The Titan Flyer concept aims to ‘drink’ from the methane lakes of Saturn’s moon, Titan. The flying boat-like vehicle would ingest methane condensation and organic material through a permeable section of the leading edge wing skin. Photo illustration by James Vaughan

Dead ends

Morley may have been a college student when he hatched this idea, but he was no kid. In fact, his path to the NIAC principal investigator role took two decades and included zigs and zags, as well as a dead end or two.

“I’m a high school dropout, and I also dropped out of TCC (Tacoma Community College), failing math three times,” Morley said. A Key Peninsula native, he attended Peninsula High School, but lacked motivation and skipped classes. He loved reading science fiction, though. “I remember watching Cosmos, observing the (NASA Mars) Sojourner rover getting stuck on the Yogi (a Mars rock), and of course, watching Star Trek: The Next Generation and all-day Star Wars binges.”

In the 2000-2001 school year, Morley and some friends noticed a Small Business Innovation Research call for proposals from the Navy seeking a new super-fast torpedo propulsion system. The group submitted a white paper: “Dynamic Compression Valveless Pulsejet Propulsion System for High Speed Super-Cavitating Undersea Weapons”.

“We got turned down, of course,” Morley recalled.

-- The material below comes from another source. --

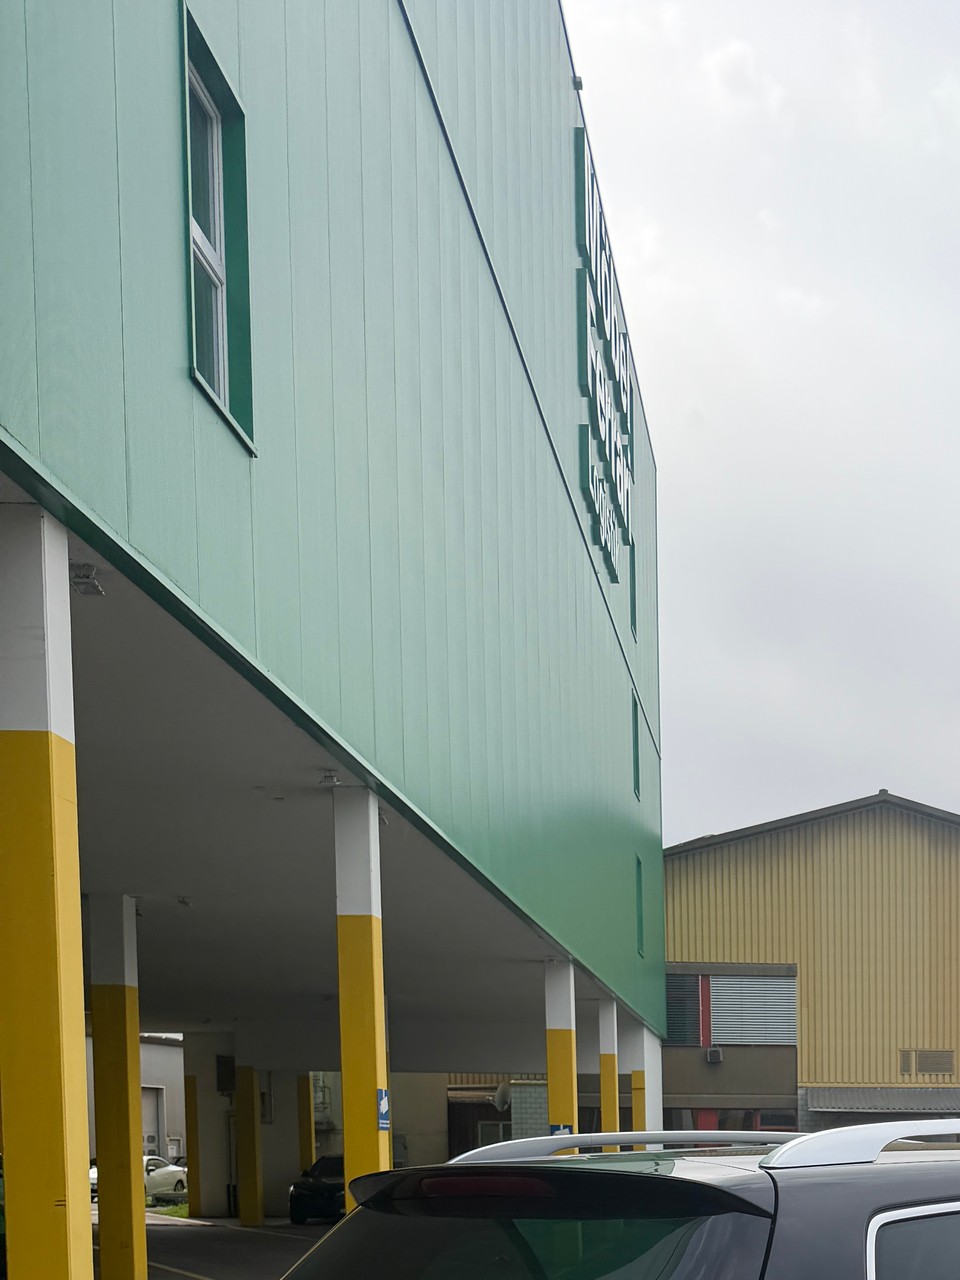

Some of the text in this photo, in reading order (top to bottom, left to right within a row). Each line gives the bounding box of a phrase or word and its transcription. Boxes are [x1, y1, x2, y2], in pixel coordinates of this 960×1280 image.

[584, 131, 630, 434] Möbel
[586, 269, 633, 545] Ferrari
[588, 424, 620, 583] Logistik
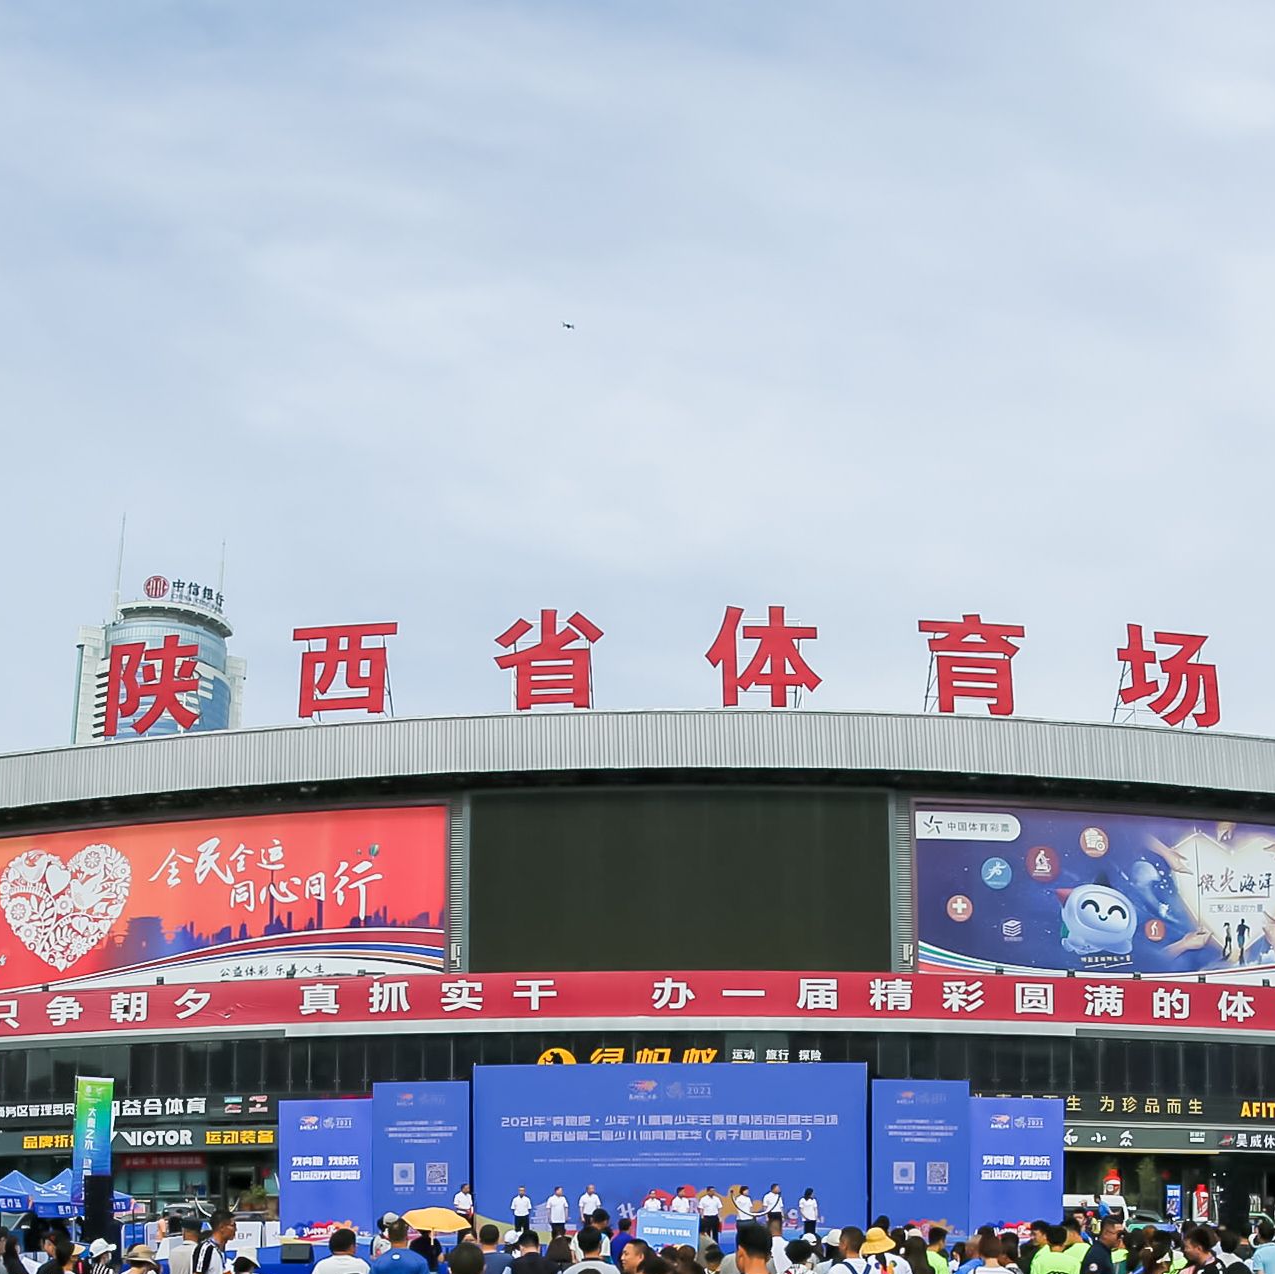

But if nothing else, the project planted a seed and led him to start a company with a name, Planet Enterprises.

Quinn Morley (second from right) onstage at a NASA Innovative Advanced Concepts (NIAC) orientation for Phase I fellows in Washington D.C., March 22, 2023. Photo by NASA

A winding road

Even before the Navy’s rejection, Morley had withdrawn from Peninsula High.

“My support network allowed me to drop out and fall on my face, continuing to support me as I found random jobs,” he said. “No one ever pushed me towards engineering during this period. I doubt I would have listened.” (He did earn his General Educational Development certificate around this time.)

After stints at TCC, Morley applied to Boeing and completed an unpaid 160-hour training program in Everett, making him eligible for the assembly mechanic lottery. He started work in May 2008, landing a few years later in the company’s Blue Streak mechanic program. On Boeing’s dime, Morley enrolled at Olympic College in Bremerton where he started passing math classes (he credits the instructor).

In 2020, Morley entered the Washington State University mechanical engineering program on the Olympic College campus. With two accepted NIAC proposals under his belt, he graduated with a bachelor of science degree in spring 2023.

By that point, Morley had left Boeing, disillusioned.

“There is a lot of unhelpful influence in our culture from Wall Street and the business schools, like performance reviews. When you are an effective leader, you don’t need to see the performance reviews of your employees. You need to work with your employees, and empower them.” Morley blames Boeing’s top-down approach for a failure of communication that fed the company’s MAX crisis. Technical workers feared telling higher-ups about design problems, he said.

Boutique company

That’s a management mistake Morley vows to avoid as he grows Planet Enterprises. In 2024, “I want to put together a small team and really focus on developing them as creative engineers, and have them on-site at least a few days a week,” he said.

Quinn Morley and his wife, Melissa Downing

“This company will always be a boutique technology development/consulting company. The real goal is to put together a small, core team of people that like using their creativity to move high-risk projects closer to reality. If a billion-dollar idea came out of that, it would probably end up as a spin-off company,” Morley said.

Without venture capital investors or executives with MBAs urging him on, how will Planet Enterprises’ path differ from some other space technology startups chasing NIAC grants and even bigger funding?

“You are asking if in the mirror universe I would be beating the pavement and pounding on oak boardroom tables to get millions in investments, thereby getting locked into filing 600 patents a year,” Morley said. “I’d rather be locked in an Agony Booth.”